Court to sentence Olmert today in Talansky retrial

Prosecutor seeking up to 18 months behind bars – on top of six-year term resulting from Holyland affair.

Former Israeli Prime Minister Ehud Olmert (photo credit: REUTERS)
Former Israeli Prime Minister Ehud Olmert
(photo credit: REUTERS)
The Jerusalem District Court is due to sentence former prime minister Ehud Olmert on Monday for his fraud under “aggravated circumstances” conviction in the Talansky retrial.
Olmert was convicted, in March, of illegally receiving and concealing funds alleged to have been more than $600,000 from New York businessman Morris Talansky from 1993 and 2002, in a case itself dating back to 2008.

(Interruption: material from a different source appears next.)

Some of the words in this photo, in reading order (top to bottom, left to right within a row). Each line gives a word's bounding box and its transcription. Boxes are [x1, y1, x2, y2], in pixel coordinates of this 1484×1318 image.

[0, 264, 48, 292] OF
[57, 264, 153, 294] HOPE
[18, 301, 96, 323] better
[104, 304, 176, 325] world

The conviction was based on the state having proven beyond a reasonable doubt that Olmert had indeed illegally used at least $153,950 of the $600,000 in question.

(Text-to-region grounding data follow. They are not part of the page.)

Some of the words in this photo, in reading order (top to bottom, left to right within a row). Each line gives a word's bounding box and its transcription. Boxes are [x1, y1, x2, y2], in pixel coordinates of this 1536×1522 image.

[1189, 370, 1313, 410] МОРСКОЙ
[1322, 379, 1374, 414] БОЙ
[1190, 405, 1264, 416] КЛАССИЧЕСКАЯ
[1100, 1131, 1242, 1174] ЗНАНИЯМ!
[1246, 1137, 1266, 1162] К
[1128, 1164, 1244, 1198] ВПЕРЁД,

State prosecutor Uri Korb has asked the court to sentence Olmert to the midpoint of eight-to-18 months – about 13 months – in jail and also has requested that the time be added on to Olmert’s standing six-year jail sentence for his bribery conviction in the Holyland trial, which he has appealed.
Olmert’s lawyers are seeking no jail time and six months of community service.
The retrial involved the Jerusalem District Court’s three-judge panel of Jacob Zaban, Moshe Sobel and Rivkah Friedman-Feldman hearing new evidence based on recordings, a journal and testimony against Olmert by his former top aide-turnedstate’s witness Shula Zaken – none of which was available for his original 2012 trial in which he was acquitted.
The court determined that the new Zaken recordings, her journal and much of her testimony were acceptable as evidence even post-acquittal – so much so that the evidence changed the conclusion from acquittal to conviction.
Zaban’s main decision, with Sobel and Friedman-Feldman agreeing on the conviction but writing separate opinions interpreting the facts, said Zaken had received funds for illegal use at least twice.
Most significantly, the court found that a recording of Olmert telling Zaken she could take funds from the secret safe illegally for her own use contradicted and torpedoed his narrative that he did not know about the funds or assumed they were being used for permitted political purposes.
The court said Olmert’s statements to Zaken in the recordings eliminated the slight doubt they’d had about his awareness of the funds’ illegal use, which had paved the way to his 2012 acquittal.
Zaban also slammed Olmert for failing to testify in the retrial to rebut the new evidence against him, including explaining the recordings, which appeared to show that his testimony in the original case was false.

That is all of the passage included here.